▶ [EXCERPTED DATA]
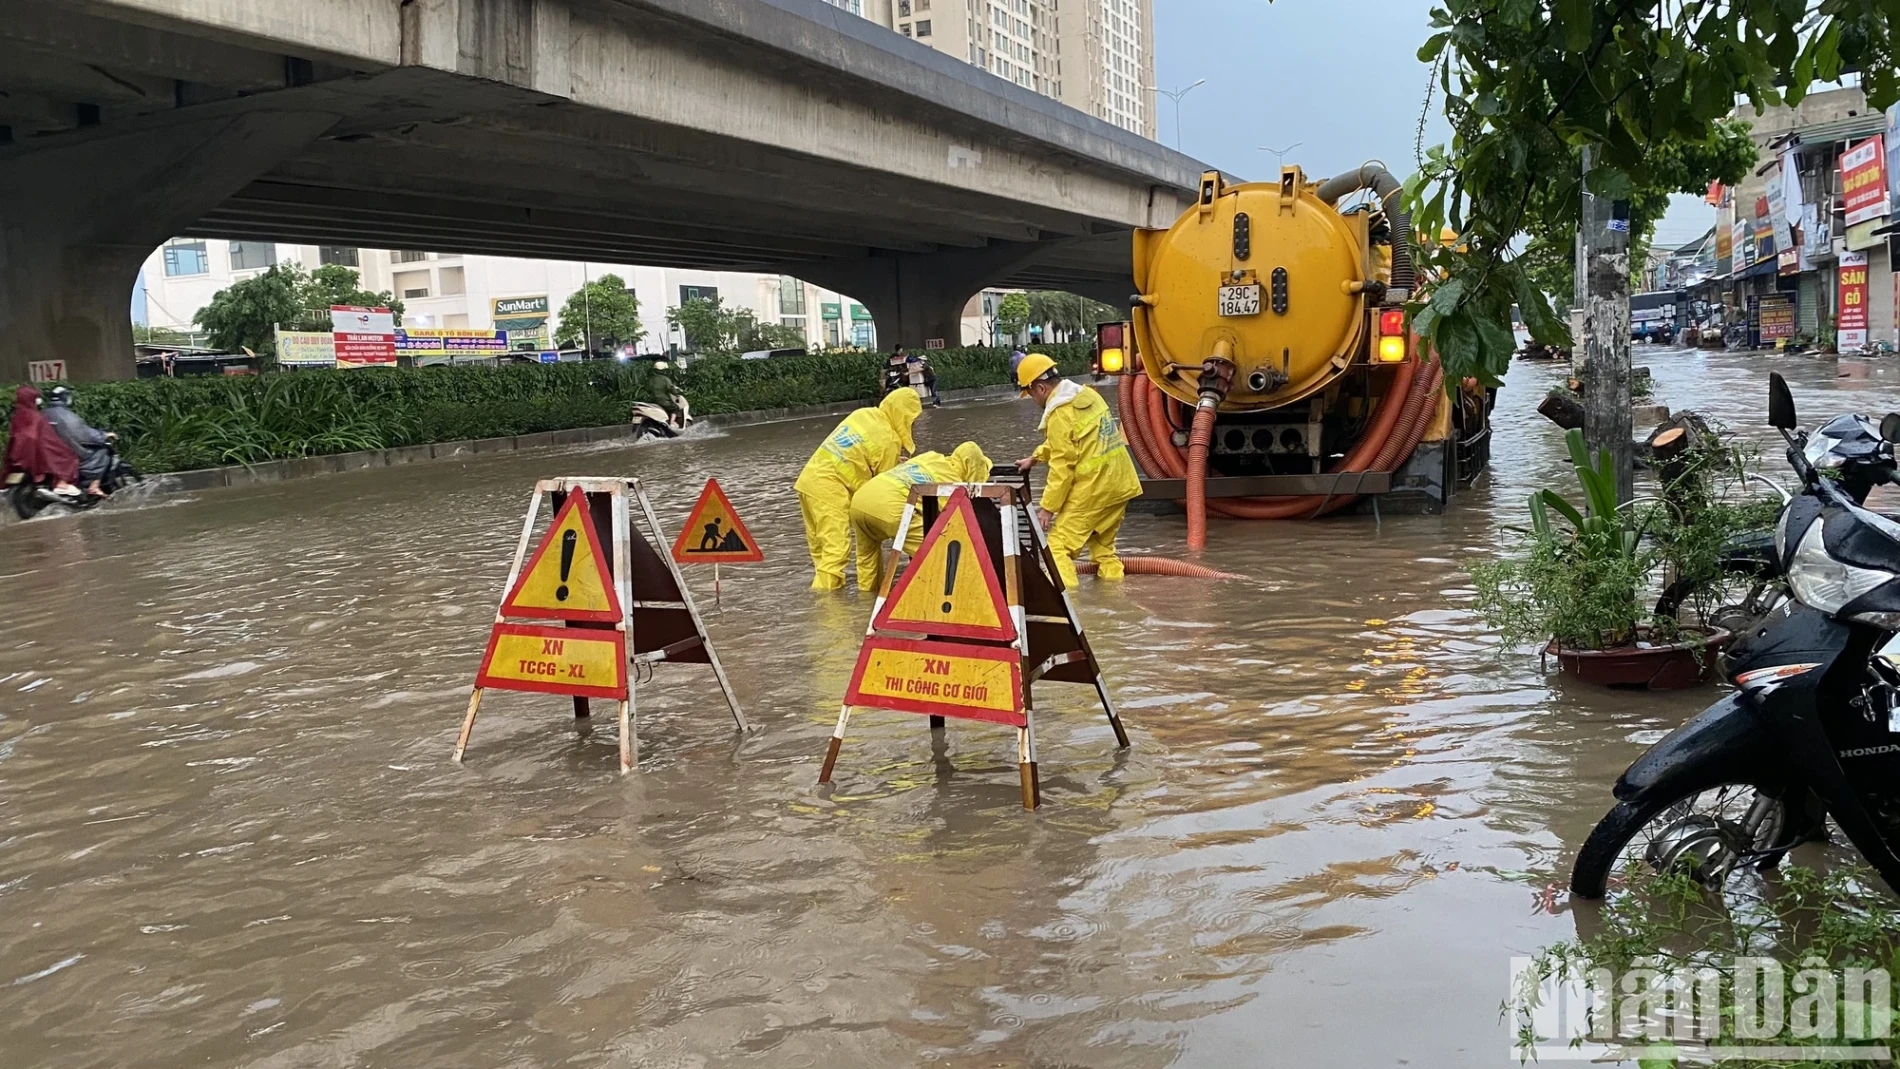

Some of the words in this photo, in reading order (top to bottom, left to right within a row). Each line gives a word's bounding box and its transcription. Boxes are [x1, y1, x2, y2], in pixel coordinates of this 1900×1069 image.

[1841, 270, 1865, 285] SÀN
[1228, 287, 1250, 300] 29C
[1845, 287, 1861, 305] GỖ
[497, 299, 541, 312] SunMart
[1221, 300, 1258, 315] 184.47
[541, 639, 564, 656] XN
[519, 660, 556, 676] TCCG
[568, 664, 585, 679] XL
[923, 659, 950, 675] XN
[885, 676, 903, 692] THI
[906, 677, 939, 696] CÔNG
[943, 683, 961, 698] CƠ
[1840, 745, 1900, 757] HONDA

▶ [ABOUT THIS EXERCISE] Each record is to be written out exactly. No picture goes in.

▶ [RESPONSE AREA]
Some of the words in this photo, in reading order (top to bottom, left to right within a row). Each line gives a word's bounding box and its transcription. Boxes are [x1, y1, x2, y2], in pixel coordinates of this 1900×1069 image.

[1841, 270, 1865, 285] SÀN
[1228, 287, 1250, 300] 29C
[1845, 287, 1861, 305] GỖ
[497, 299, 541, 312] SunMart
[1221, 300, 1258, 315] 184.47
[541, 639, 564, 656] XN
[519, 660, 556, 676] TCCG
[568, 664, 585, 679] XL
[923, 659, 950, 675] XN
[885, 676, 903, 692] THI
[906, 677, 939, 696] CÔNG
[943, 683, 961, 698] CƠ
[1840, 745, 1900, 757] HONDA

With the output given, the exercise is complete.